Le verifiche affidate al servizio di Medicina scolastica. Dai primi esami: «Non sarebbe avariato»
Siracusa, Archivio

SIRACUSA. «L’alimento non sembra avariato». Con queste parole il Comune tenta di ”calmare gli animi” dopo le preoccupazioni espresse da alcuni genitori a proposito del gateau di patate servito lunedì scorso ai bambini delle scuole materne. Sulla bontà del piatto unico previsto dal menù sarebbero sorti alcuni ”dubbi”. Il fatto verificatosi nella scuola di via Basilicata, ma sarebbero coinvolte altre scuole, è stato segnalato al Comune che ha immediatamente attivato il servizio di medicina scolastica dell’Asp 8. Un episodio che ha riacceso le polemiche, tra l’altro mai del tutto sedate, sul servizio mensa. «Il servizio di medicina scolatica - si legge in una nota del Comune- ha avviato gli accertamenti sul gateau di patate servito nelle mense e dalle prime risultanze, sulla base dell’ispezione effettuata nel plesso di via Basilicata, l’alimento non sembra avariato. I controlli stanno procedendo in tutte le scuole in cui si è verificato l’inconveniente, un campione della pietanza - è stato precisato - è stato ritirato e conservato per effettuare, se necessari, gli esami di laboratorio». Il Comune ha reso noto di aver contattato anche la ditta fornitrice per segnalere l’accaduto ed avere spiegazioni.  «Abbiamo a cuore la salute dei bambini - ha detto intanto la dirigente alle Politiche scolastiche Rosaria Garufi - ragione per cui siamo pronti ad intervenire con immediatezza. È giusto che il livello di attenzione sia alto ma vorrei assicurare che il Comune non abbassa la guardia». La necessità di garantire massima vigilanza sul servizio mensa è stata anche sollevata in consiglio comunale da Salvo Sorbello. E lo stesso presidente dell’assemblea Edy Bandiera ha confermato in aula di aver ricevuto alcune segnalazioni sul piatto unico (il gateau di patate).

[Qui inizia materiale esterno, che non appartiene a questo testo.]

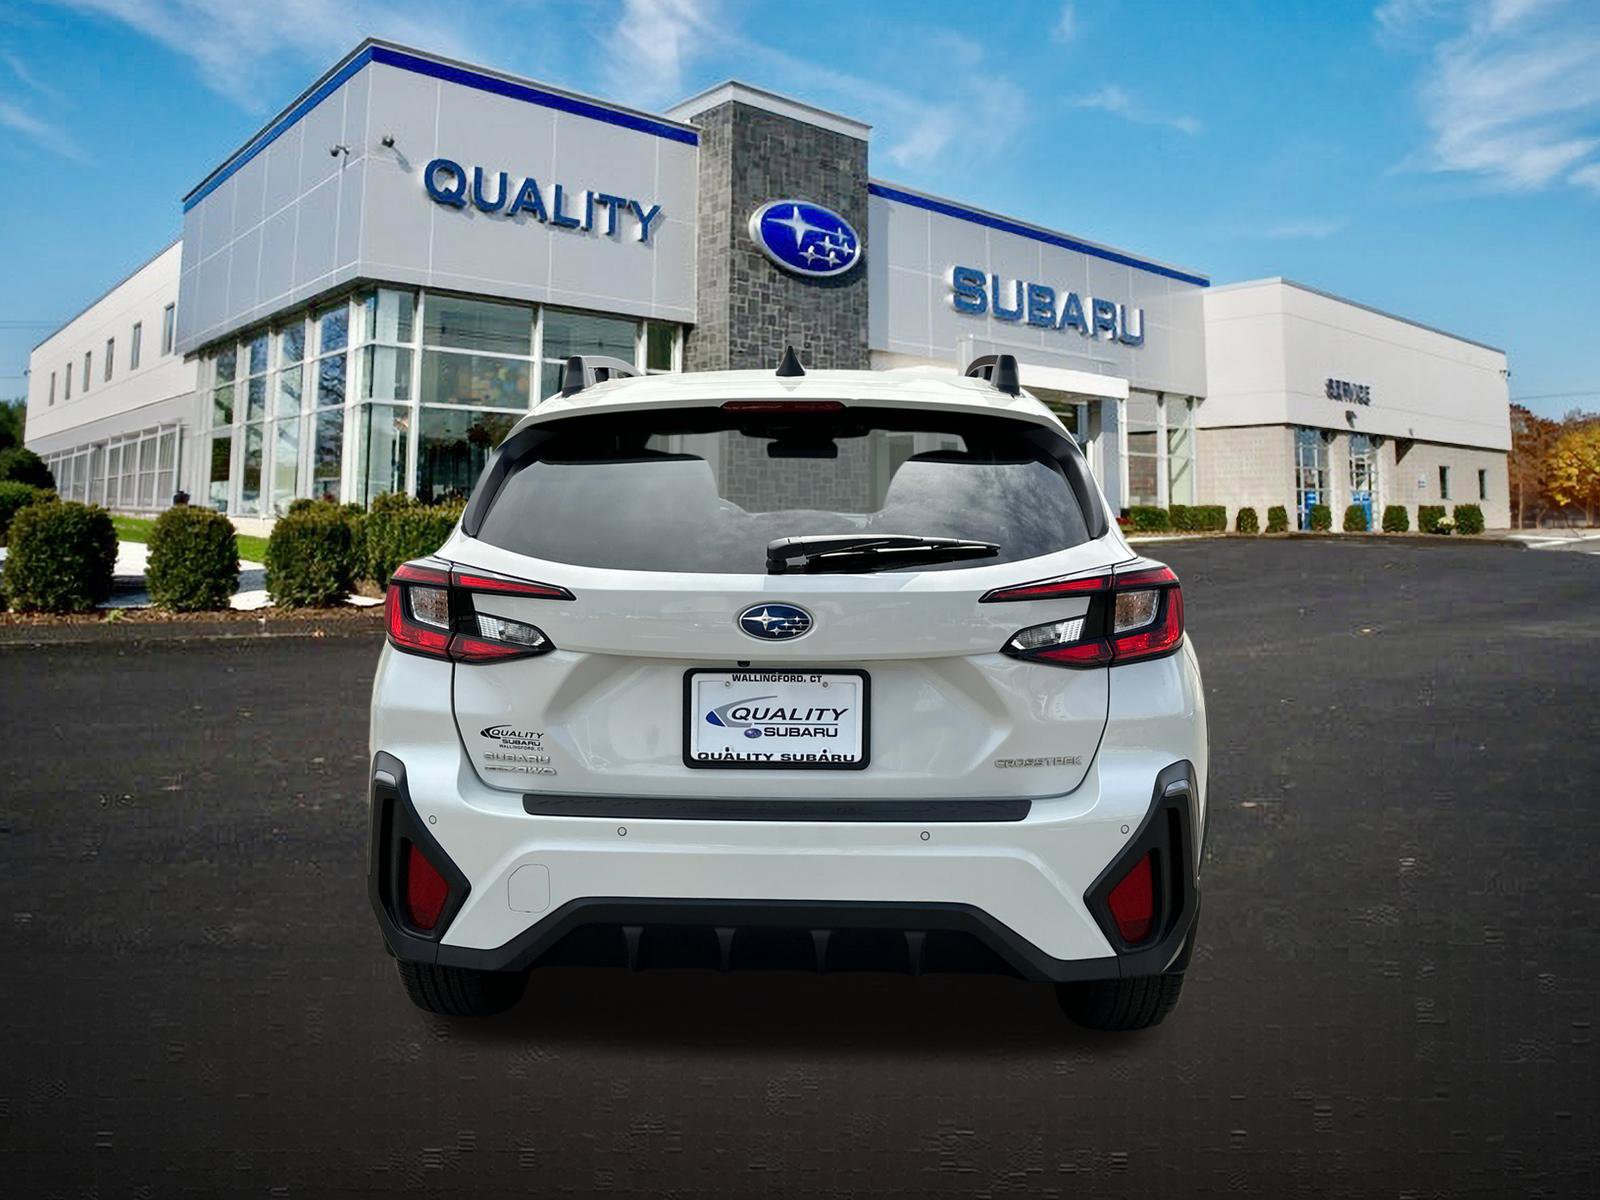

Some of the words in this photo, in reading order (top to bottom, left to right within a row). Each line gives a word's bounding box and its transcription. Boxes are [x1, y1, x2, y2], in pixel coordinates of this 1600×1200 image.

Intanto l’attenzione si sposta sul nuovo appalto del servizio mensa in scadenza il prossimo 7 maggio e che rischia, secondo il consigliere della circoscrizione Tiche Fabio Fazzina, di essere un buco nell’acqua. «Il bando - dice Fazzina - garantisce il servizio solo per i mesi di novembre e dicembre 2013 non risolvendo di fatto alcun problema che anzi di riproporrà da gennaio 2014. C’è infatti da chiedersi - aggiunge - quale imprenditore avveduto possa trovare economicamente vantaggiosa una proposta a brevissima scadenza». Fazzina parla dell’ennesimo «disastro annunciato».